While Montana's three electoral votes are hardly going to swing the election, the patterns here are taking root across the interior U.S. West, including in Colorado, New Mexico and Nevada. Only two Democrats have carried Montana since 1948. Bill Clinton's 1992 victory was made possible only because Ross Perot split the state's Republican vote. In 2004, George Bush won the state by 20 points. As late as this spring, the electorate seemed headed in the same direction. A pair of statewide polls showed that Sen. John McCain, the presumptive Republican nominee, held a comfortable lead over Sen. Barack Obama. But after four visits by Sen. Obama, an aggressive media campaign and some well-organized ground work, the Illinois Democrat now leads by five points, according to a July 1 Rasmussen poll. The campaign says it is opening six offices in the state this month. The reason for his surge lies in part with the migration of Democrat-leaning, college-educated transplants like Mr. Walseth and his wife, Elizabeth Darrow. As the rural Republican eastern plains lose population and political influence, thousands of blue-staters who began arriving here in the 1990s are reaching a critical mass. The effect is that Bozeman and several other larger towns in western Montana have become political battlegrounds.

KAINE IN 'SERIOUS TALKS' WITH OBAMA
(Michael D. Shear and Shailagh Murray, Washington Post)

Virginia Gov. Timothy M. Kaine has told close associates that he has had "very serious" conversations with Sen. Barack Obama about joining the Democratic presidential ticket and has provided documents to the campaign as it combs through his background, according to several sources close to Kaine. Sens. Evan Bayh (Ind.) and Joseph R. Biden Jr. (Del.) are also being seriously vetted by the campaign staff, according to sources with knowledge of the process. Obama has revealed little about which way he is leaning. And despite rising anticipation that a decision is imminent, campaign officials said an announcement is likely in mid-August, shortly before the Democratic National Convention. Obama's top aides, David Plouffe and David Axelrod, huddled yesterday in the Washington office of Eric Holder, who along with Caroline Kennedy is vetting potential running mates. Although rumors have circulated about former military leaders and other nontraditional contenders, including Republicans, Obama's pool of prospects is heavy on longtime senators with foreign policy experience. Kaine and Kansas Gov. Kathleen Sebelius are the only state leaders believed to be under serious consideration, sources close to Obama said. Democrats who have discussed possible choices with campaign officials and have knowledge of the vetting process said others being considered include Sens. Christopher J. Dodd (Conn.) and Hillary Rodham Clinton (N.Y.) and former senator Sam Nunn (Ga.). Republican Sen. Chuck Hagel (Neb.) and Democratic Sen. Jack Reed (R.I.) are mentioned as long shots.

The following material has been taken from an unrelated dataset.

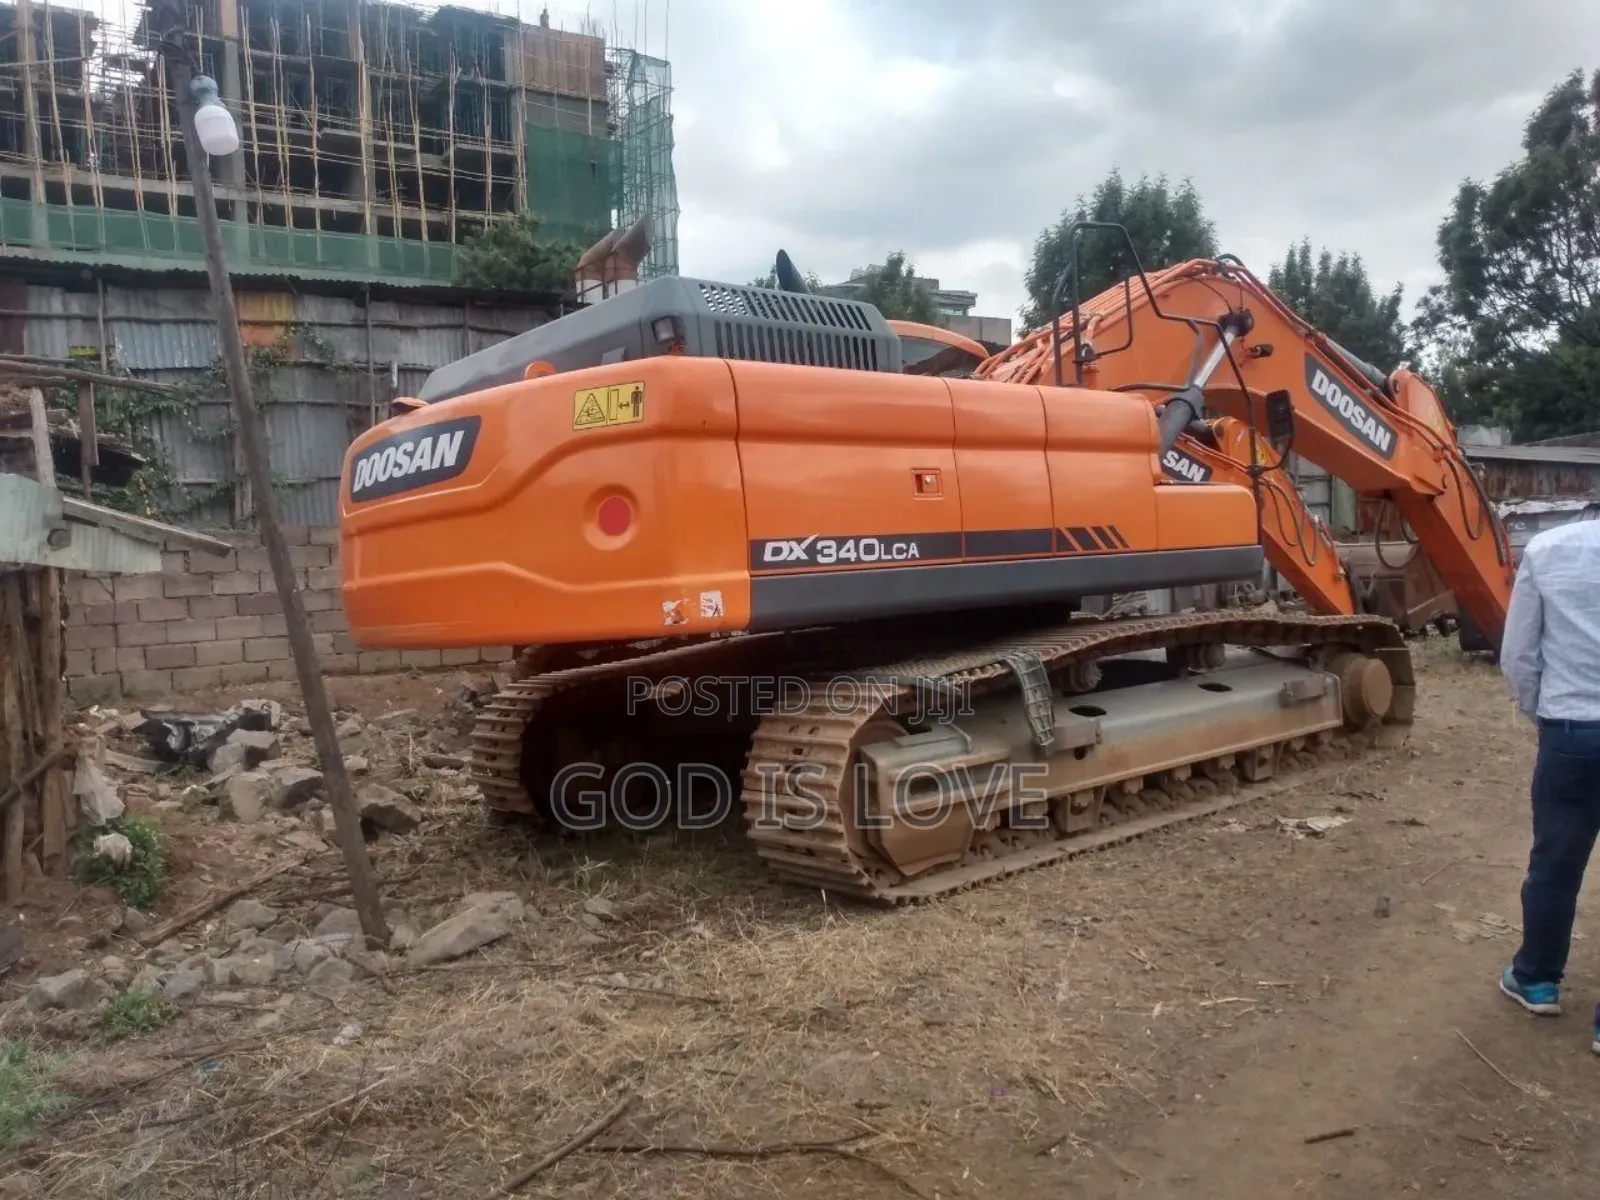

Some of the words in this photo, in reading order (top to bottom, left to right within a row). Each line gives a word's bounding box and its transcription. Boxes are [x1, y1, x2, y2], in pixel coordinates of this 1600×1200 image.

[1311, 369, 1391, 452] DOOSAN
[353, 430, 465, 493] DOOSAN
[1163, 450, 1206, 482] SAN

OBAMA-CLINTON TICKET IS SEEN AS UNLIKELY
(Adam Nagourney, New York Times)

When Senator Hillary Rodham Clinton abandoned her bid for the presidency and endorsed Senator Barack Obama in June, she made clear that she was interested in becoming his running mate, and Mr. Obama and his associates signaled respectfully that she would get full consideration. But there is mounting evidence that Mr. Obama’s interest in Mrs. Clinton for the post has faded considerably, if, in fact, she ever really was a strong contender to be on the ticket with him. In conversations, Mr. Obama’s advisers discuss Mrs. Clinton’s role at the Democratic convention next month in a way that suggests they are not thinking of her arriving in Denver as Mr. Obama’s running mate... The feeling goes both ways. Mrs. Clinton has told associates in recent days that she thinks there is little chance Mr. Obama will pick her and that she views the public pronouncements by some of Mr. Obama’s aides that she is under review as nothing more than a courtesy. She has not been asked to provide written documentation to the committee vetting the background of candidates for Mr. Obama. Although Mrs. Clinton probably needs less flyspecking than almost anyone else in the field — considering how long she has been in public life and how intensively her past has been examined — the silence from that corner is being taken by Mrs. Clinton’s advisers as evidence of where she stands on Mr. Obama’s vice presidential list.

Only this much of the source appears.